Your goal: Copy the complete listing word for word, but do not carry over any images.

Supplied entries:

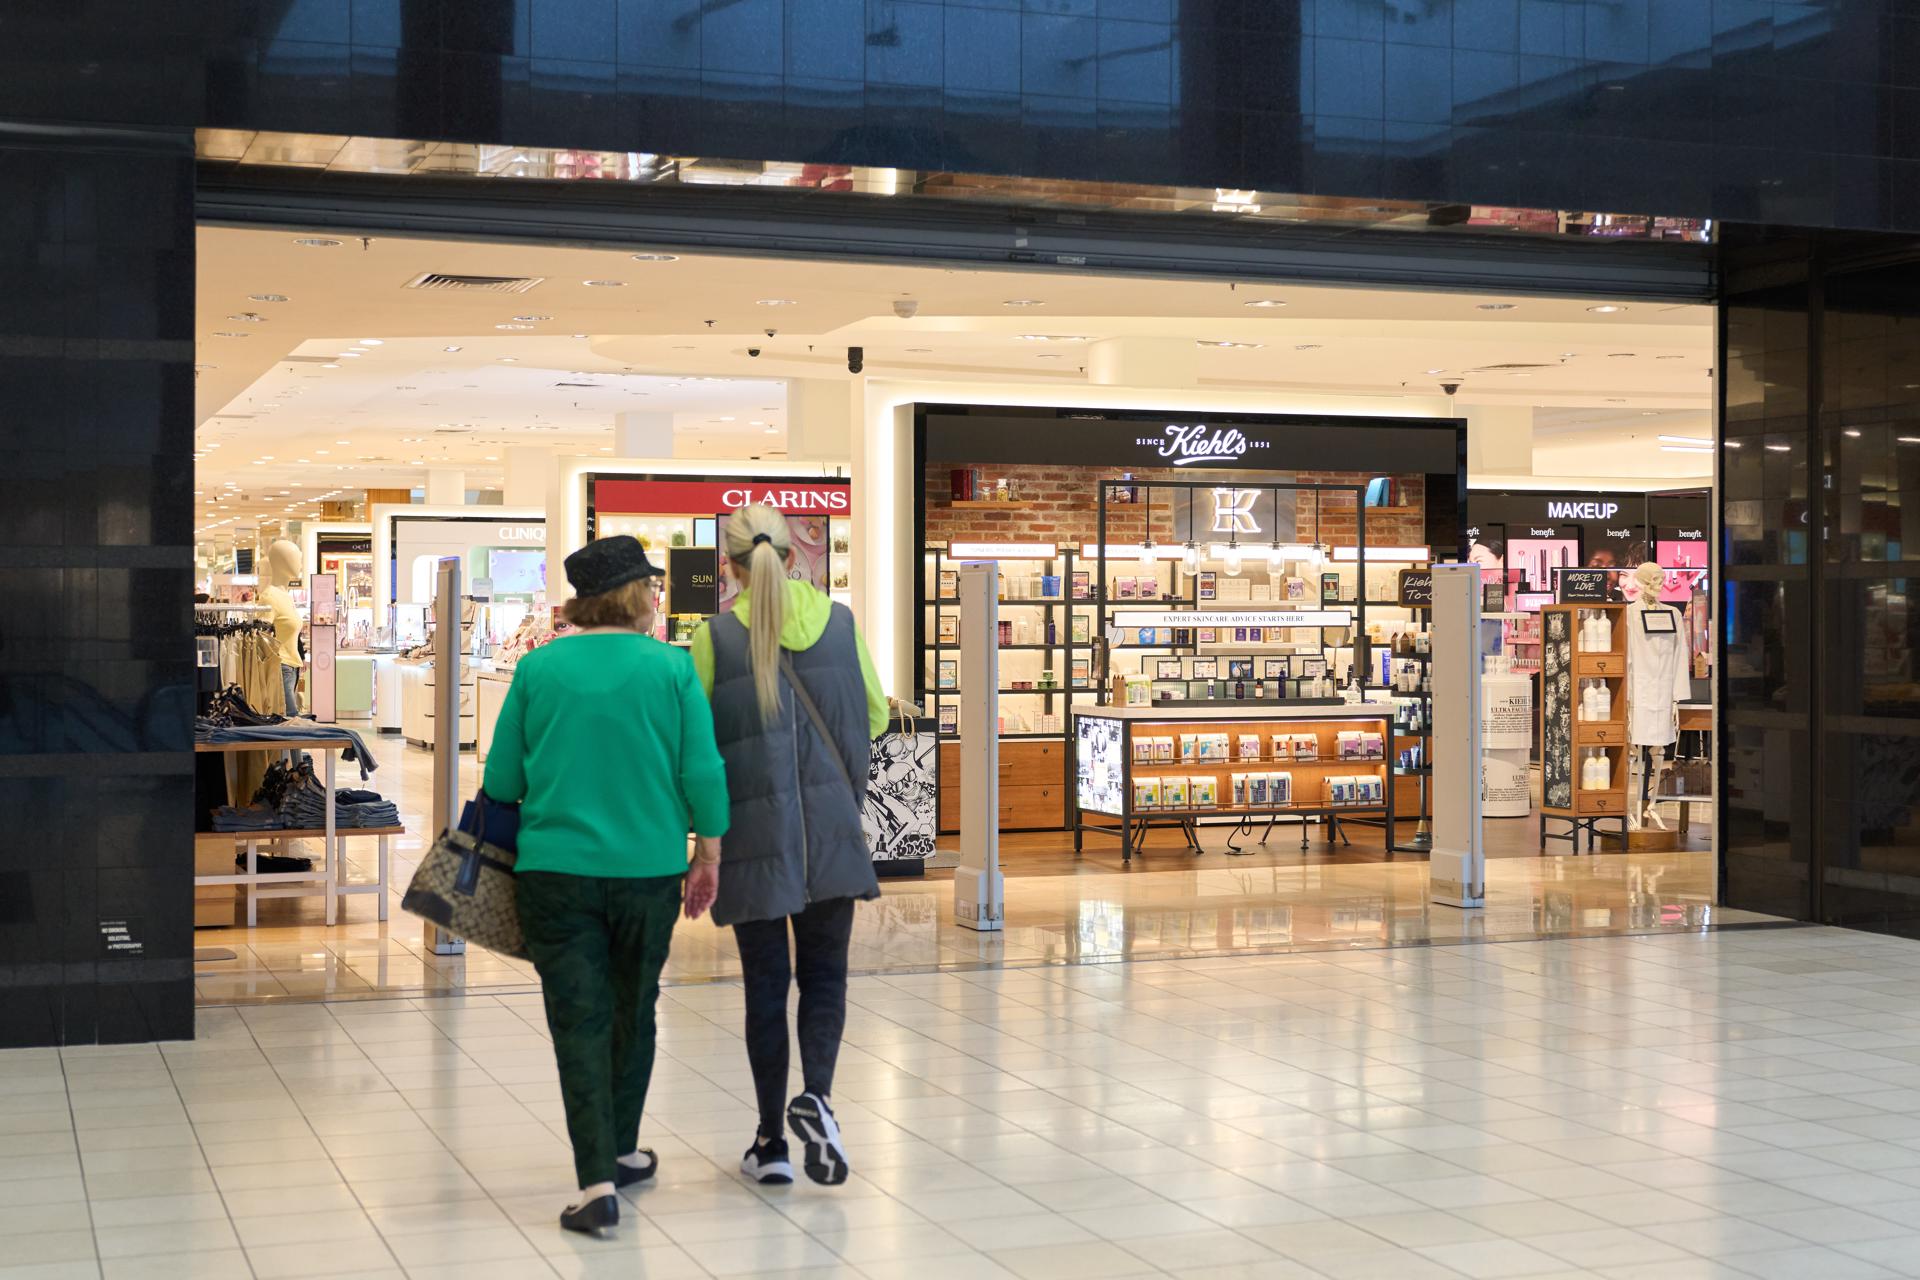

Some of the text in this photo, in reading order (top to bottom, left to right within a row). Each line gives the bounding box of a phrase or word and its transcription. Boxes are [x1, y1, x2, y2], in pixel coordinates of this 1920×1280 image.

[1135, 424, 1270, 457] SINCE Kiehl's 1851
[721, 489, 848, 509] CLARINS
[1548, 502, 1619, 519] MAKEUP
[498, 527, 546, 542] CLINIQ
[1466, 526, 1480, 538] efit
[1530, 528, 1555, 538] benefit
[1606, 528, 1630, 539] benefit
[1678, 529, 1702, 539] benefit
[691, 574, 713, 584] SUN
[1567, 573, 1603, 582] MORE TO
[1574, 582, 1596, 591] LOVE
[1163, 615, 1191, 623] EXPERT
[1192, 615, 1229, 623] SKINCARE
[1231, 615, 1257, 623] ADVICE
[1258, 615, 1285, 623] STARTS
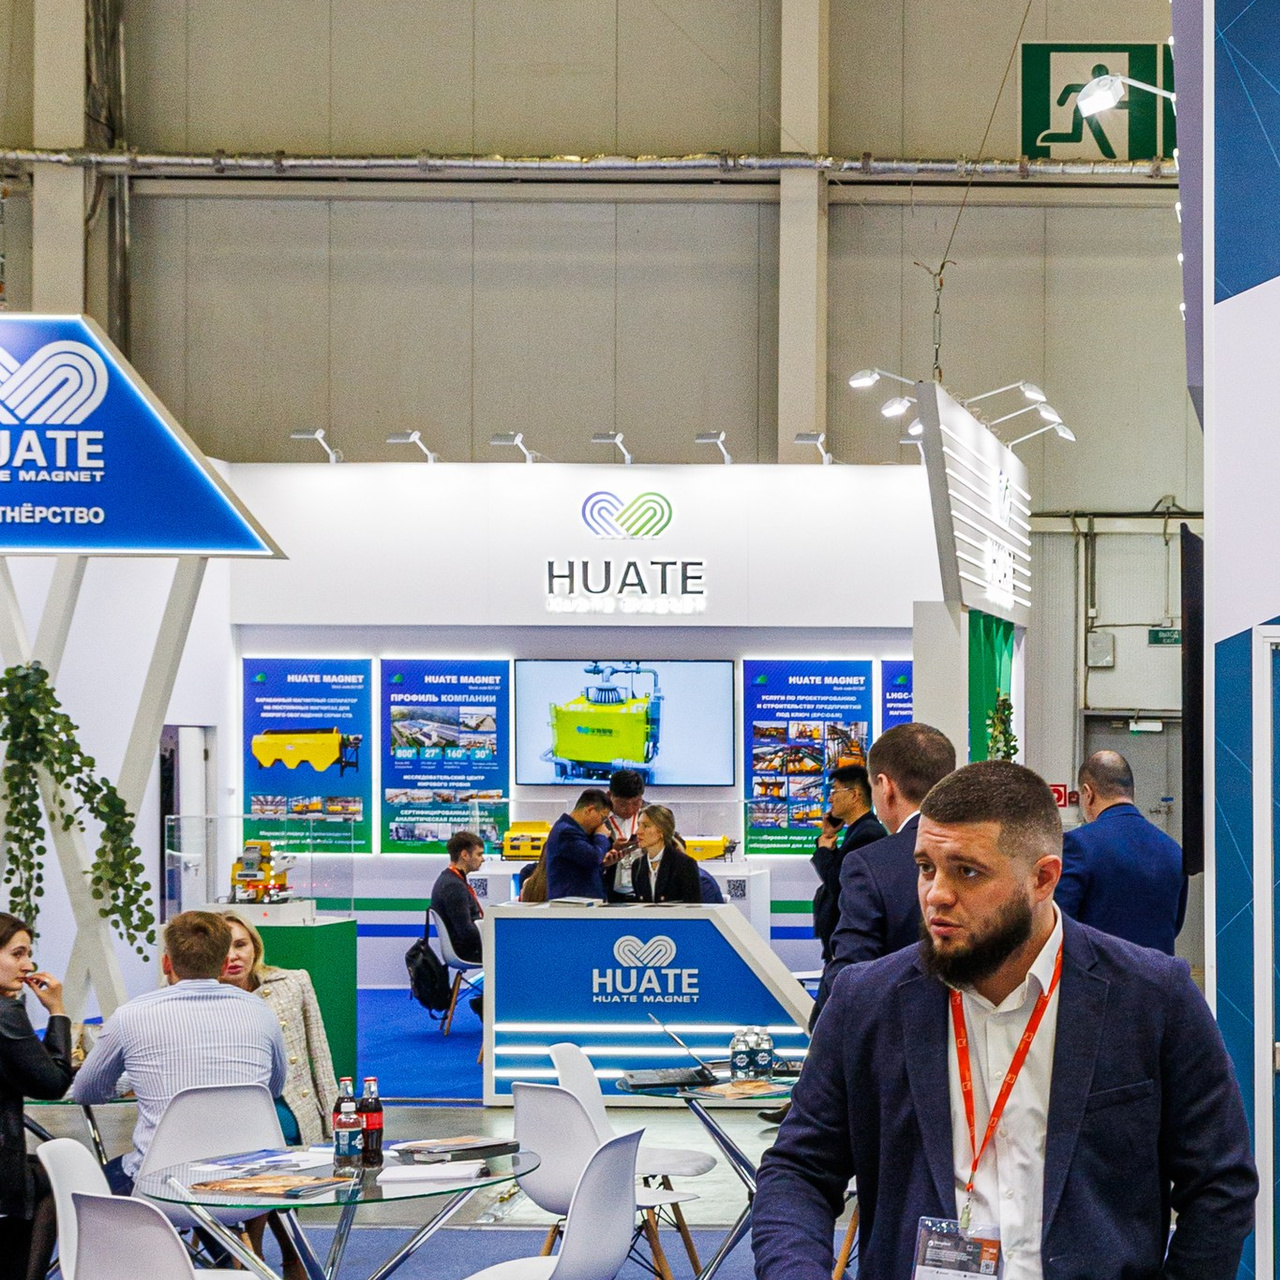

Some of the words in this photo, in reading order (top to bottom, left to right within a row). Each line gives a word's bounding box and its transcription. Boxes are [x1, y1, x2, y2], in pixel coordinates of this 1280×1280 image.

[18, 470, 105, 482] MAGNET
[546, 559, 705, 596] HUATE
[286, 674, 321, 684] HUATE
[322, 674, 365, 684] MAGNET
[424, 675, 459, 684] HUATE
[459, 675, 502, 685] MAGNET
[788, 676, 823, 685] HUATE
[823, 676, 866, 685] MAGNET
[390, 694, 440, 703] ПРОФИЛЬ
[440, 694, 497, 703] КОМПАНИИ
[592, 968, 700, 994] HUATE
[592, 995, 638, 1003] HUATE
[643, 995, 700, 1003] MAGNET
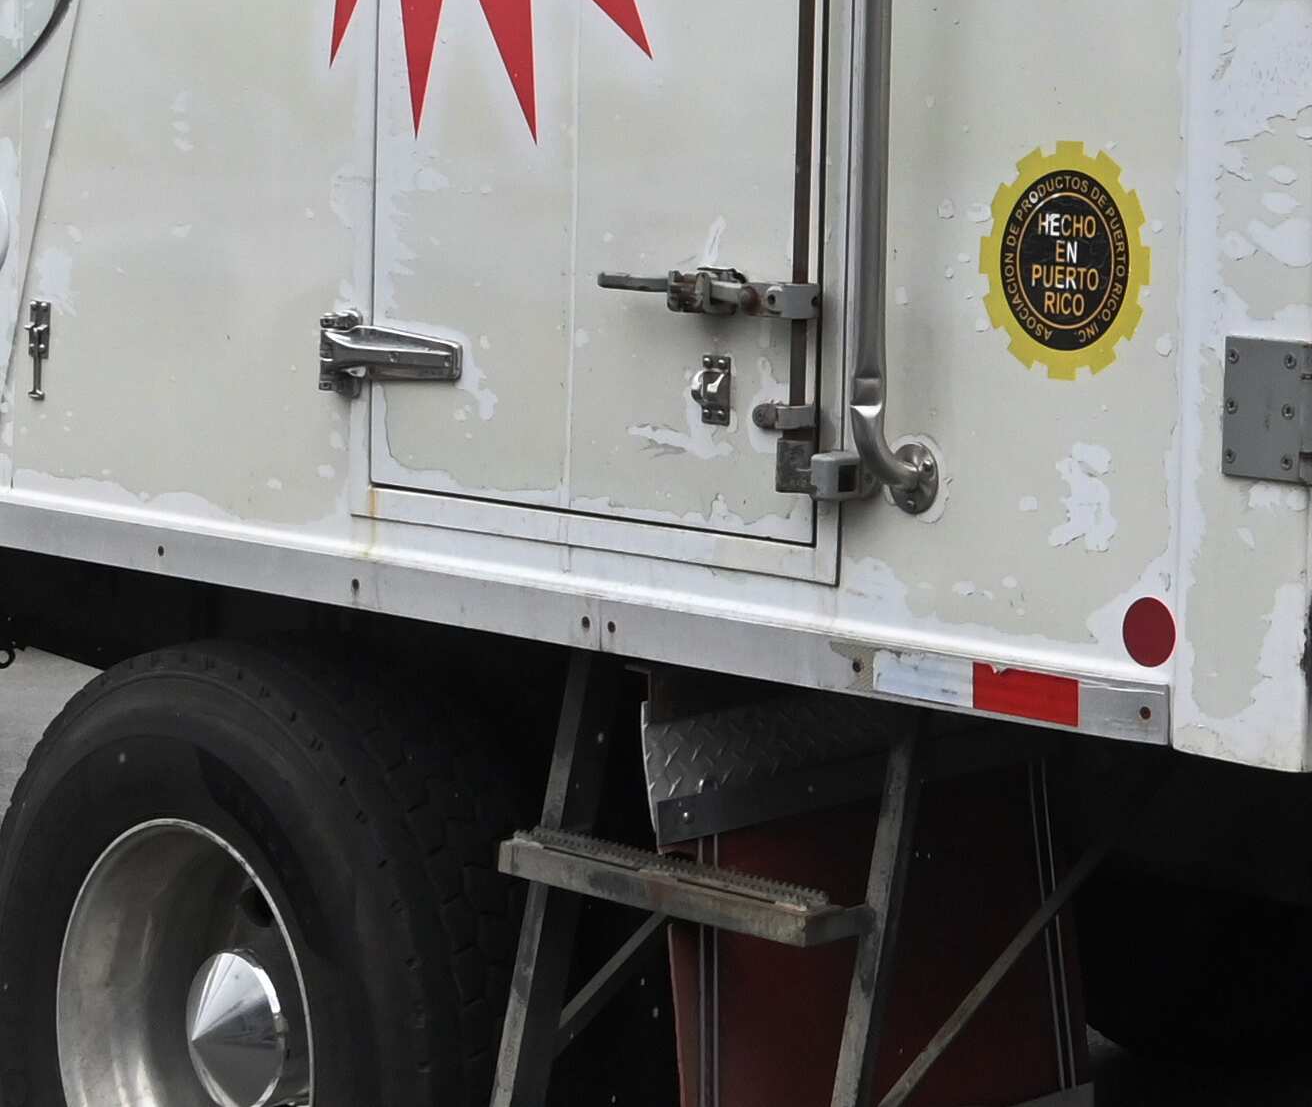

Response for this exercise:
Some of the text in this photo, in reading order (top to bottom, left to right within a row). Each line gives the bounding box of a phrase or word and its transcription. Boxes are [x1, y1, x2, y2], in pixel coordinates of this 1920×1280 image.

[1135, 424, 1270, 457] SINCE Kiehl's 1851
[721, 489, 848, 509] CLARINS
[1548, 502, 1619, 519] MAKEUP
[498, 527, 546, 542] CLINIQ
[1466, 526, 1480, 538] efit
[1530, 528, 1555, 538] benefit
[1606, 528, 1630, 539] benefit
[1678, 529, 1702, 539] benefit
[691, 574, 713, 584] SUN
[1567, 573, 1603, 582] MORE TO
[1574, 582, 1596, 591] LOVE
[1163, 615, 1191, 623] EXPERT
[1192, 615, 1229, 623] SKINCARE
[1231, 615, 1257, 623] ADVICE
[1258, 615, 1285, 623] STARTS

Some of the words in this photo, in reading order (top to bottom, left to right within a row). Each line gives a word's bounding box and its transcription. Boxes are [x1, y1, x2, y2], in pixel coordinates of this 1280×1280 image.

[18, 470, 105, 482] MAGNET
[546, 559, 705, 596] HUATE
[286, 674, 321, 684] HUATE
[322, 674, 365, 684] MAGNET
[424, 675, 459, 684] HUATE
[459, 675, 502, 685] MAGNET
[788, 676, 823, 685] HUATE
[823, 676, 866, 685] MAGNET
[390, 694, 440, 703] ПРОФИЛЬ
[440, 694, 497, 703] КОМПАНИИ
[592, 968, 700, 994] HUATE
[592, 995, 638, 1003] HUATE
[643, 995, 700, 1003] MAGNET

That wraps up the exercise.